··· Material for this exercise

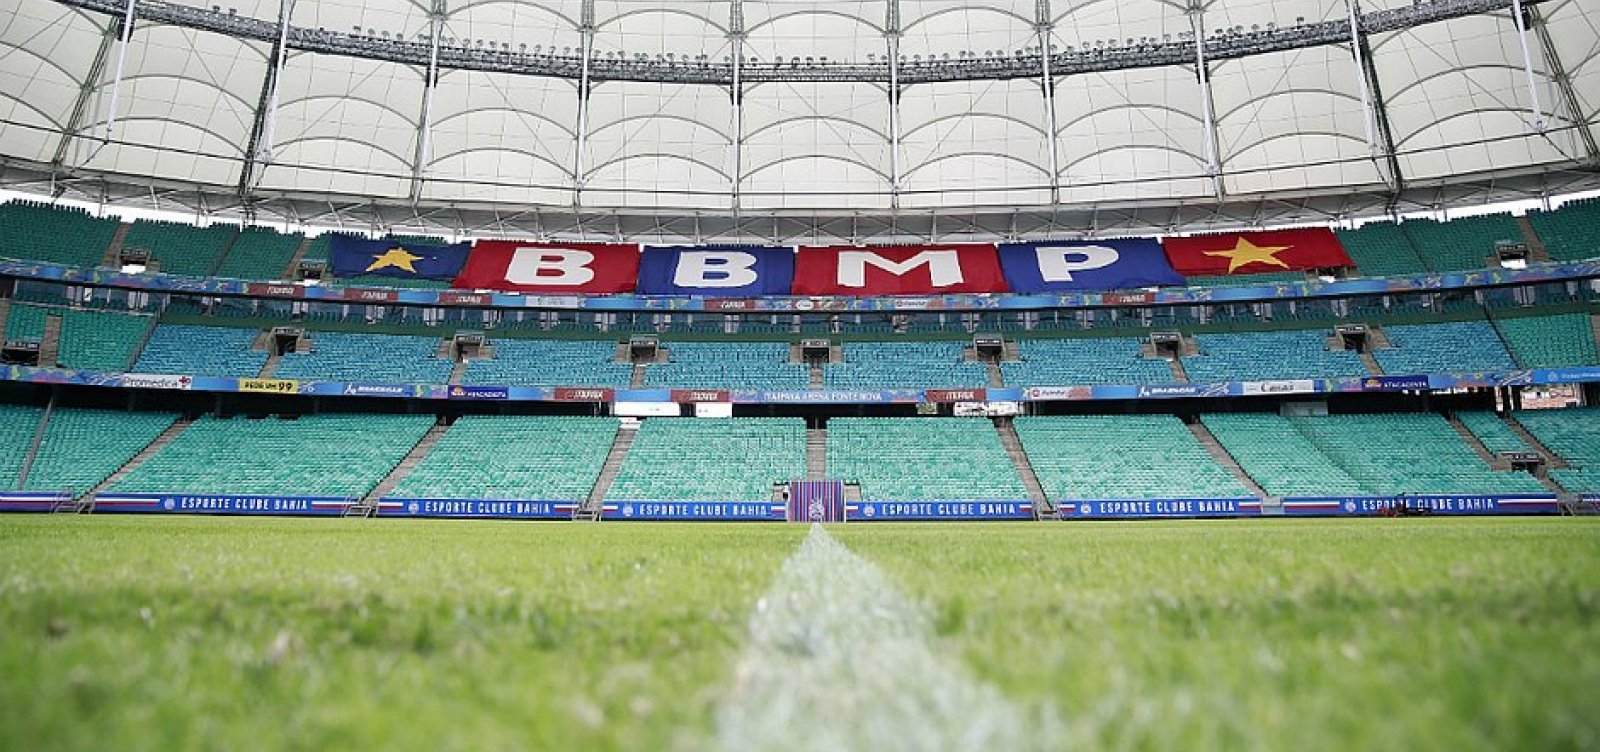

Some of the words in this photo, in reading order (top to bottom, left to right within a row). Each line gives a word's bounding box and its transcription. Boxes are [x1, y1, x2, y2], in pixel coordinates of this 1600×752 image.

[504, 247, 595, 286] B
[674, 251, 757, 287] B
[837, 250, 964, 287] M
[1035, 246, 1119, 281] P
[181, 497, 229, 509] ESPORTE
[235, 498, 269, 510] CLUBE
[274, 499, 307, 510] BAHIA
[424, 501, 473, 513] ESPORTE
[477, 502, 512, 514] CLUBE
[516, 503, 549, 514] BAHIA
[882, 504, 932, 515] ESPORTE
[938, 504, 974, 515] CLUBE
[980, 504, 1016, 515] BAHIA
[1101, 501, 1150, 514] ESPORTE
[1156, 501, 1192, 512] CLUBE
[1199, 501, 1235, 512] BAHIA
[1417, 499, 1452, 511] CLUBE
[1458, 498, 1493, 510] BAHIA
[639, 505, 688, 515] ESPORTE
[693, 505, 727, 516] CLUBE
[733, 505, 767, 516] BAHIA

······

■ **Required work**
In your answer, print the entries above exactly, with the pictures left out.

■ **Task result**
Some of the words in this photo, in reading order (top to bottom, left to right within a row). Each line gives a word's bounding box and its transcription. Boxes are [x1, y1, x2, y2], in pixel coordinates of this 1600×752 image.

[504, 247, 595, 286] B
[674, 251, 757, 287] B
[837, 250, 964, 287] M
[1035, 246, 1119, 281] P
[181, 497, 229, 509] ESPORTE
[235, 498, 269, 510] CLUBE
[274, 499, 307, 510] BAHIA
[424, 501, 473, 513] ESPORTE
[477, 502, 512, 514] CLUBE
[516, 503, 549, 514] BAHIA
[882, 504, 932, 515] ESPORTE
[938, 504, 974, 515] CLUBE
[980, 504, 1016, 515] BAHIA
[1101, 501, 1150, 514] ESPORTE
[1156, 501, 1192, 512] CLUBE
[1199, 501, 1235, 512] BAHIA
[1417, 499, 1452, 511] CLUBE
[1458, 498, 1493, 510] BAHIA
[639, 505, 688, 515] ESPORTE
[693, 505, 727, 516] CLUBE
[733, 505, 767, 516] BAHIA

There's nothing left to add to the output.